The fertility industry has become a multi-billion dollar enterprise, buying genetic material and selling the promise of children to same-sex couples, single parents, and heterosexual couples struggling with infertility.

Both sperm and egg agencies seek donors with “desirable” traits. Male donors for example, must be at least 5’8” tall, and educational background, athletic ability, and hair color are also considered in selecting donors of either gender. Once a donor is selected, agencies collect their “donations” and sell the frozen samples through carefully crafted profiles placed in “donor catalogs.” These catalogs operate as a genetic meat market where customers can craft a child to their own liking.

Both male and female sex cell “donors” are motivated by money, as Yale Sociology Professor Rene Almeling explains in a 2017 paper. Yet, there are stark differences in how men and women view their “donations.” These differences are partially due to how the fertility industry advertises to each. Almeling writes:

Drawing on the stereotype of women as nurturing caregivers, egg agencies emphasize the plight of infertile couples in selecting women who want to ‘help’ people by giving the ‘gift of life.’ In contrast, sperm banks encourage men to earn money with an easy ‘job’….

Surprisingly, Almeling also found that male donors are more likely to view themselves as the father of any child resulting from their donations then female donors are to view themselves as such a child’s mother. Almeling’s hypothesis is that our society has reduced fatherhood “to a cultural equation in which sperm equals dad.” Female donors view the recipient of their donation, the woman who carries and/or raises the child, as the “real mother.”

In reality, those who sell their genes sell off parts of themselves and have little control over how they are used or who buys them. Thus, it is unsurprising that the fertility industry has little regard for its donors. This is especially true of women.

The true effects aren’t definitively known, but egg donors may suffer from infertility, ovarian cysts, and ovarian hyperstimulation syndrome, which sometimes results in death. Yet while intake forms ask donors about their SAT scores, they are unlikely to inform them of the potential risks associated with the egg donation process.

Male donors face a different set of problems. A 2016 Harvard Law School study showed that “29% of current anonymous sperm donors… would refuse to donate,” if they couldn’t be anonymous, while the rest would require higher levels of compensation. Anonymity is something sperm banks often promise. Thanks to genetic testing services such as 23andMe, that anonymity is all but dead.

The failure of anonymity isn’t the only betrayal that male donors face. Wendy Kramer conceived via a sperm donor who was promised that he would sire no more than 10 children. He now has 20. Kramer’s son Ryan used the power of the internet to find his biological father, and Wendy and Ryan now run the Donor Sibling Registry to help people identify and connect with their biological parents and half-siblings.

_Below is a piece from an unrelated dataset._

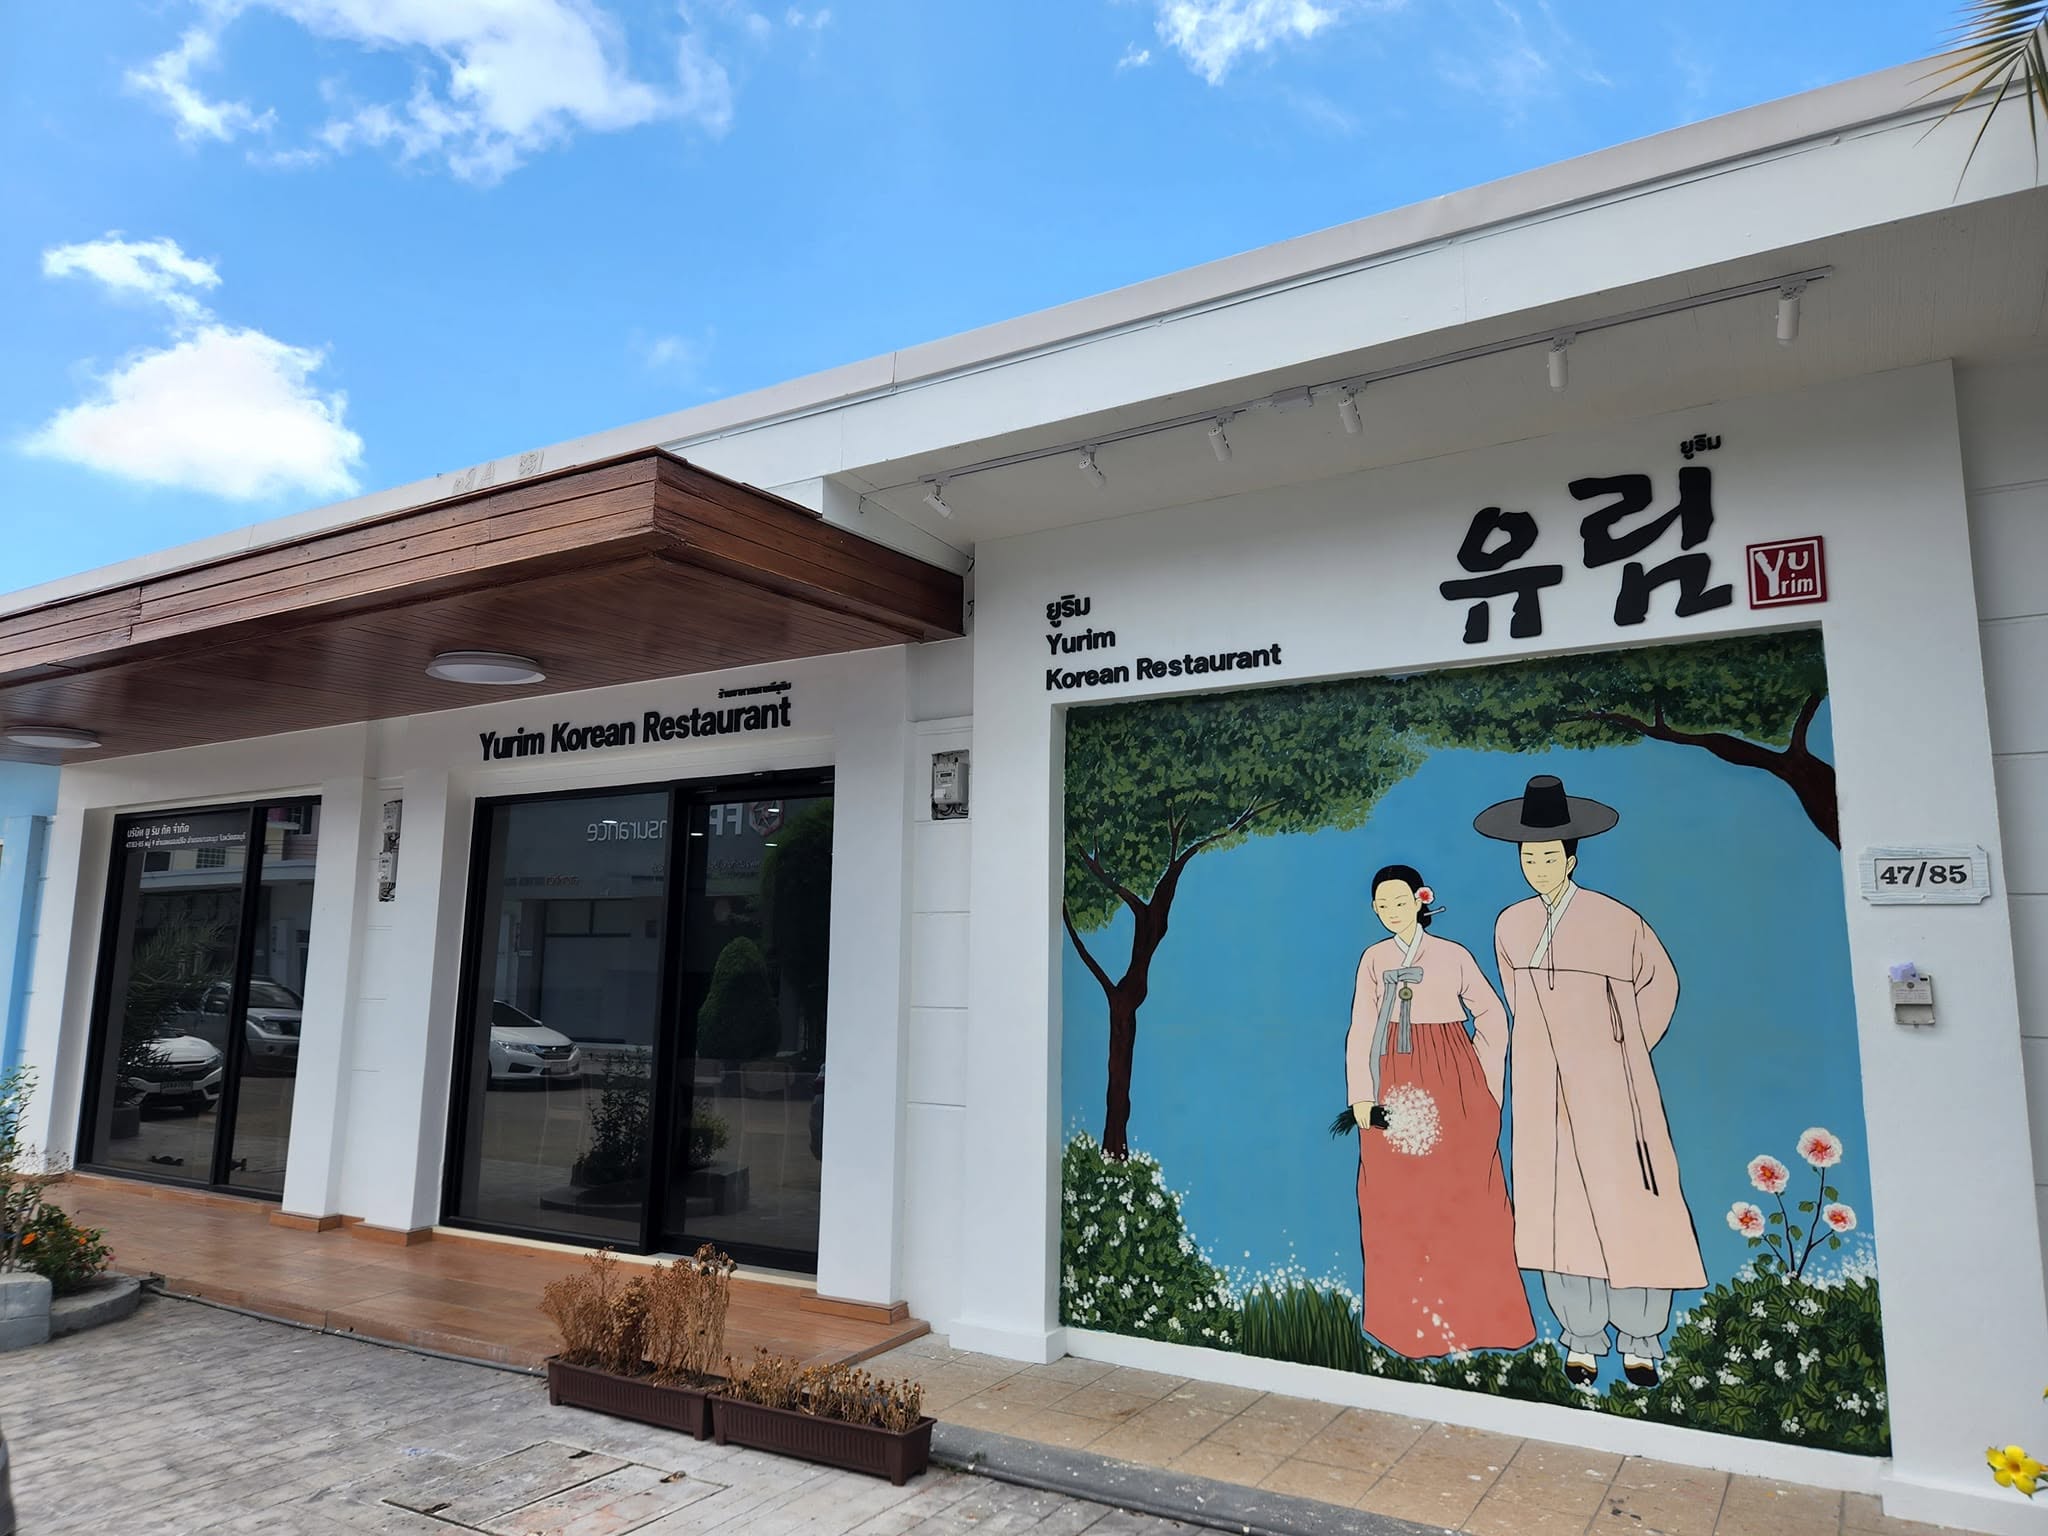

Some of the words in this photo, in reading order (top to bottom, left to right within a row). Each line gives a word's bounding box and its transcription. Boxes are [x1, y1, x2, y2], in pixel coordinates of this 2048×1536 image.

“It’s not like they’re creating widgets in a factory … this is an industry creating human beings, so you’d think there would be more accountability and ethics,” Kramer told STAT News.

The whole fertility industry scenario reads like a scene out of a science fiction novel, such as one from Christopher Ruocchio’s “Sun Eater” series. In it, human reproduction has been handed over to test tubes and scientists, at least for the elites who can afford such procedures. Geneticists have gone full Dr. Mengele, also designing embryos to be born into slavery for specific tasks including hard labor and prostitution.

The main character, Hadrian Marlowe, is horrified by these practices, balking at a proposition to sell a sample of his blood to such a geneticist in Ruocchio’s second book “Howling Dark”:

In selling my genes I would be complicit in the creation of lives bred into slavery like the woman beside us. I would be complicit in their suffering, and for what? Money? Convenience? A little time? And that they would be in part myself made it seem a kind of prostitution.

In its use and abuse of human lives, as well as its disregard for the health problems created for both donors and the resulting children, the fertility industry has shown that removing love, removing human interaction, and removing humanity itself from the creation of new human life constitutes a grave societal ill.

Perhaps we ought to take a closer look at the fertility industry as it stands now, before we cross one bridge too many on our journey into the future. Isn’t it time that society demanded that this industry treated people like… people?